▶ TASK TO CARRY OUT: If an entry holds an image, leave that image out and transcribe everything else exactly.
------ RECORDED DATA
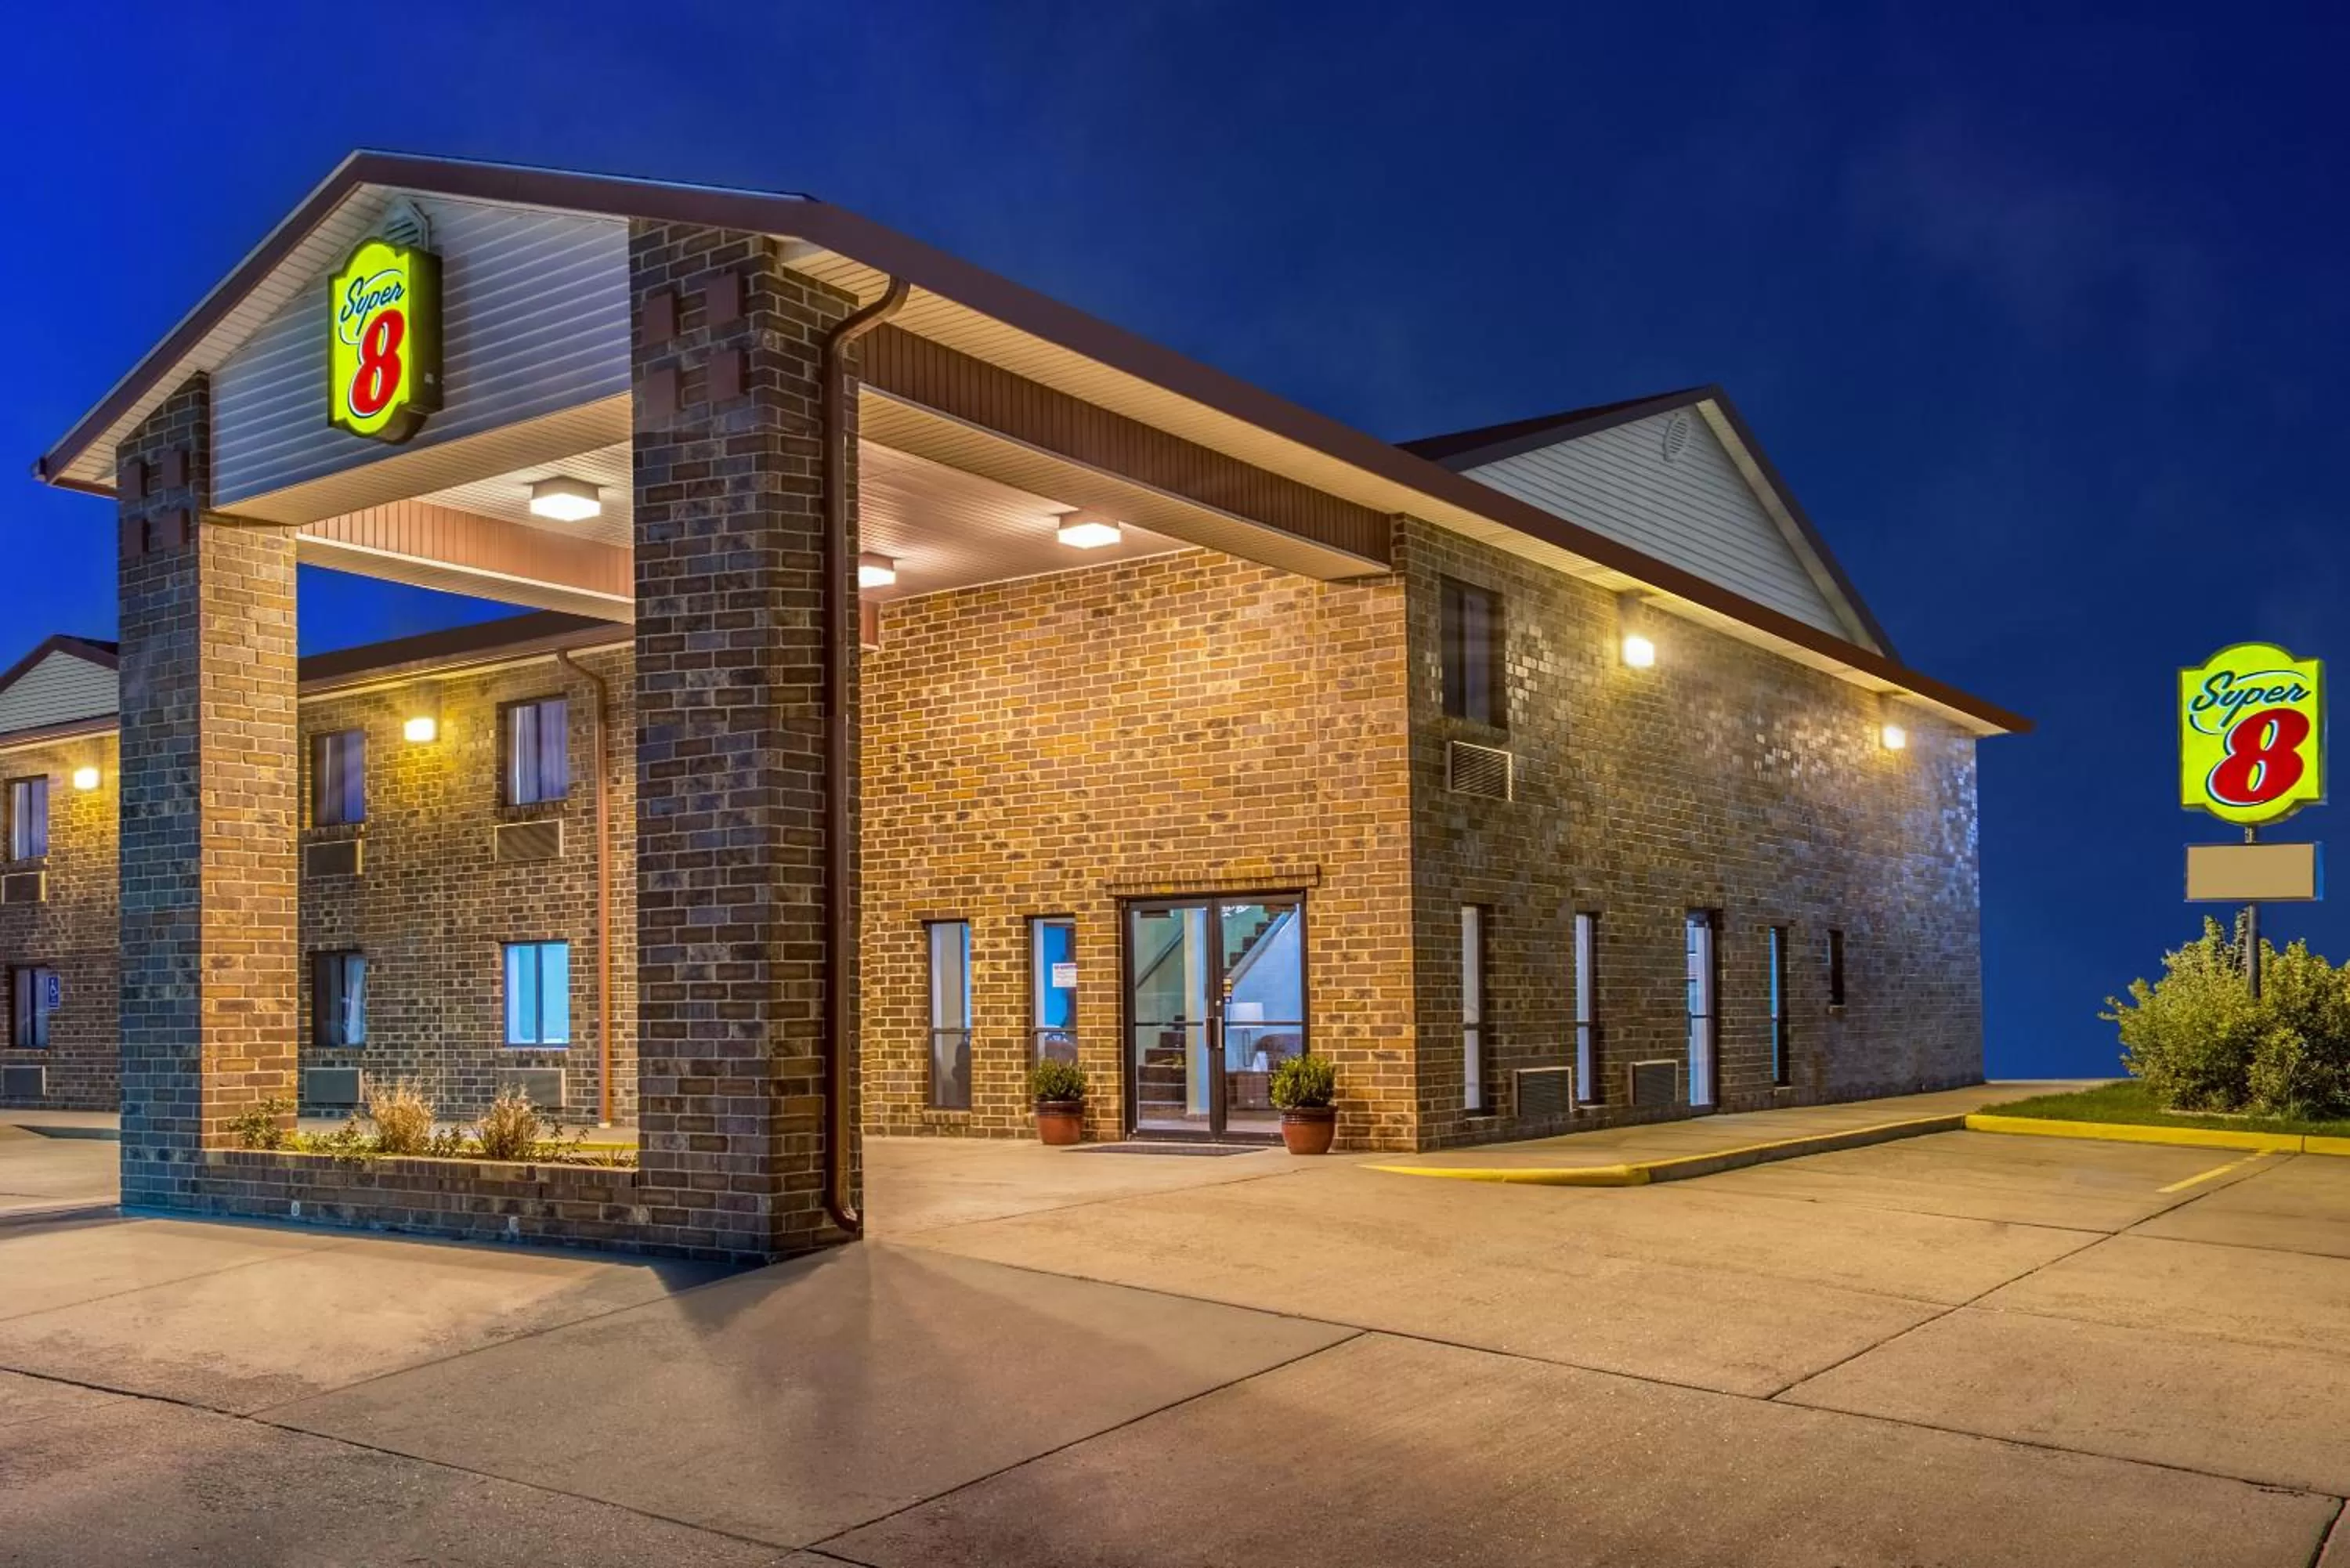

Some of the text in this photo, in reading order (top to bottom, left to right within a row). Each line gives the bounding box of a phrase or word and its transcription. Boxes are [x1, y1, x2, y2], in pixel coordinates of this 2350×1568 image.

[339, 275, 405, 337] Super
[348, 309, 405, 418] 8
[2189, 670, 2311, 729] Super
[2206, 707, 2310, 807] 8
------------
▶ ANSWER:
Some of the text in this photo, in reading order (top to bottom, left to right within a row). Each line gives the bounding box of a phrase or word and its transcription. Boxes are [x1, y1, x2, y2], in pixel coordinates of this 2350×1568 image.

[339, 275, 405, 337] Super
[348, 309, 405, 418] 8
[2189, 670, 2311, 729] Super
[2206, 707, 2310, 807] 8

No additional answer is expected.